(Exercise data)

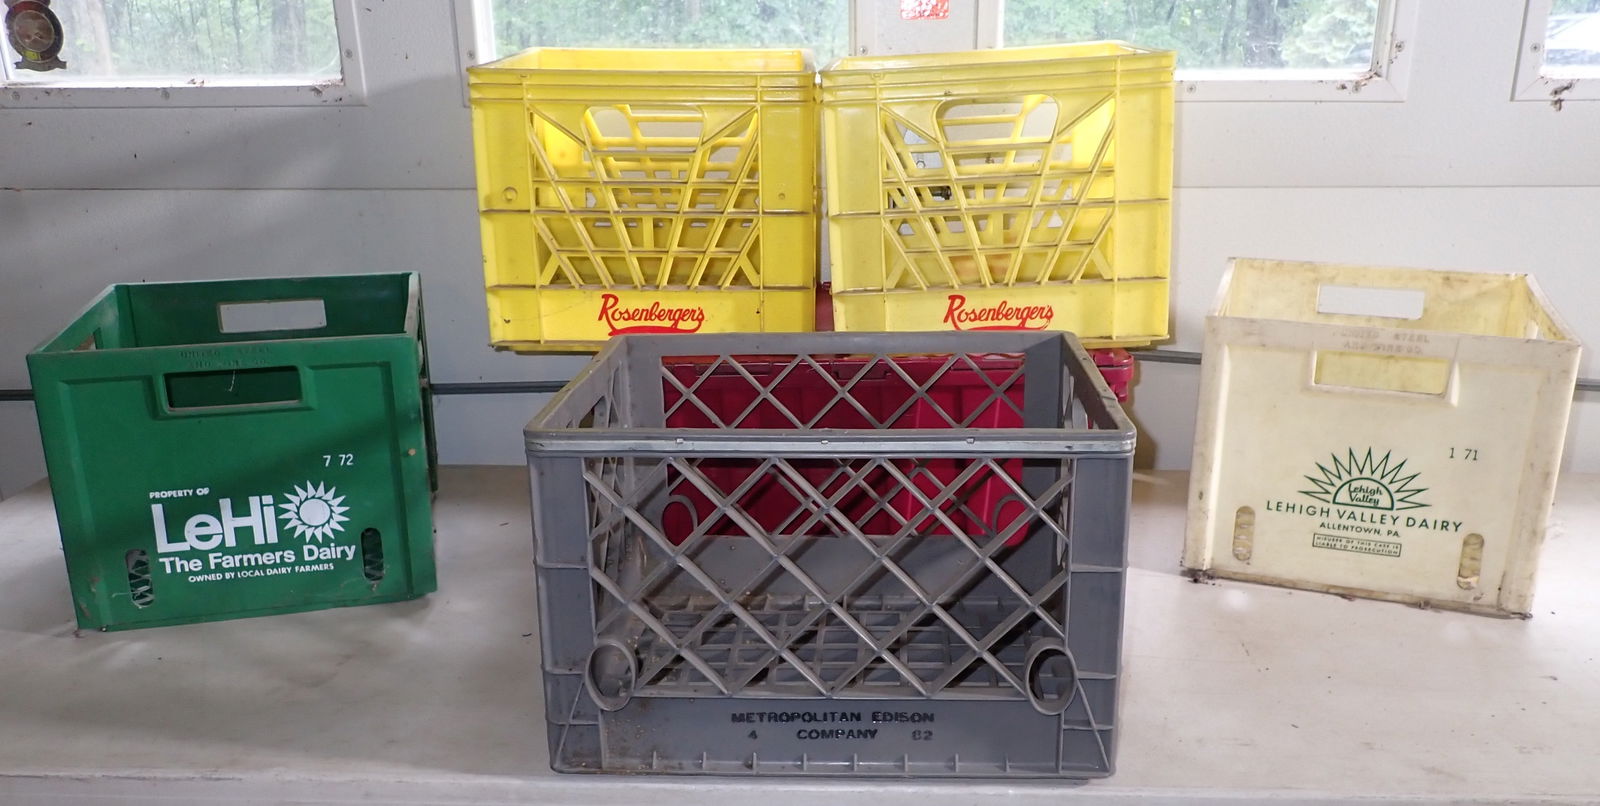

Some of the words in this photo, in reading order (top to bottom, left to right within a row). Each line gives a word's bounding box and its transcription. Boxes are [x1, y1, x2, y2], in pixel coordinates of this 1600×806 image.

[598, 293, 705, 336] Rosenberger's
[943, 294, 1054, 331] Rosenberger's
[323, 455, 331, 467] 7
[339, 453, 354, 466] 72
[1449, 447, 1456, 458] 1
[1464, 448, 1479, 461] 71
[149, 488, 194, 499] PROPERTY
[196, 487, 210, 496] OF
[1348, 484, 1382, 496] Lehigh
[1349, 493, 1379, 506] Valley
[151, 494, 278, 553] LeHi
[1266, 500, 1330, 519] LEHIGH
[1336, 508, 1400, 526] VALLEY
[1405, 517, 1463, 533] DAIRY
[158, 557, 203, 574] The
[208, 549, 296, 570] Farmers
[302, 542, 356, 562] Dairy
[188, 573, 223, 583] OWNED
[225, 571, 235, 580] BY
[237, 569, 265, 579] LOCAL
[266, 567, 292, 576] DAIRY
[295, 562, 335, 573] FARMERS
[731, 711, 862, 723] METROPOLITAN
[871, 711, 935, 723] EDISON
[748, 730, 758, 740] 4
[796, 729, 878, 740] COMPANY

(End Exercise data)

**Exercise goal**
Set down the records in full and exactly. Do not carry over any image.

**Finished task**
Some of the words in this photo, in reading order (top to bottom, left to right within a row). Each line gives a word's bounding box and its transcription. Boxes are [x1, y1, x2, y2], in pixel coordinates of this 1600×806 image.

[598, 293, 705, 336] Rosenberger's
[943, 294, 1054, 331] Rosenberger's
[323, 455, 331, 467] 7
[339, 453, 354, 466] 72
[1449, 447, 1456, 458] 1
[1464, 448, 1479, 461] 71
[149, 488, 194, 499] PROPERTY
[196, 487, 210, 496] OF
[1348, 484, 1382, 496] Lehigh
[1349, 493, 1379, 506] Valley
[151, 494, 278, 553] LeHi
[1266, 500, 1330, 519] LEHIGH
[1336, 508, 1400, 526] VALLEY
[1405, 517, 1463, 533] DAIRY
[158, 557, 203, 574] The
[208, 549, 296, 570] Farmers
[302, 542, 356, 562] Dairy
[188, 573, 223, 583] OWNED
[225, 571, 235, 580] BY
[237, 569, 265, 579] LOCAL
[266, 567, 292, 576] DAIRY
[295, 562, 335, 573] FARMERS
[731, 711, 862, 723] METROPOLITAN
[871, 711, 935, 723] EDISON
[748, 730, 758, 740] 4
[796, 729, 878, 740] COMPANY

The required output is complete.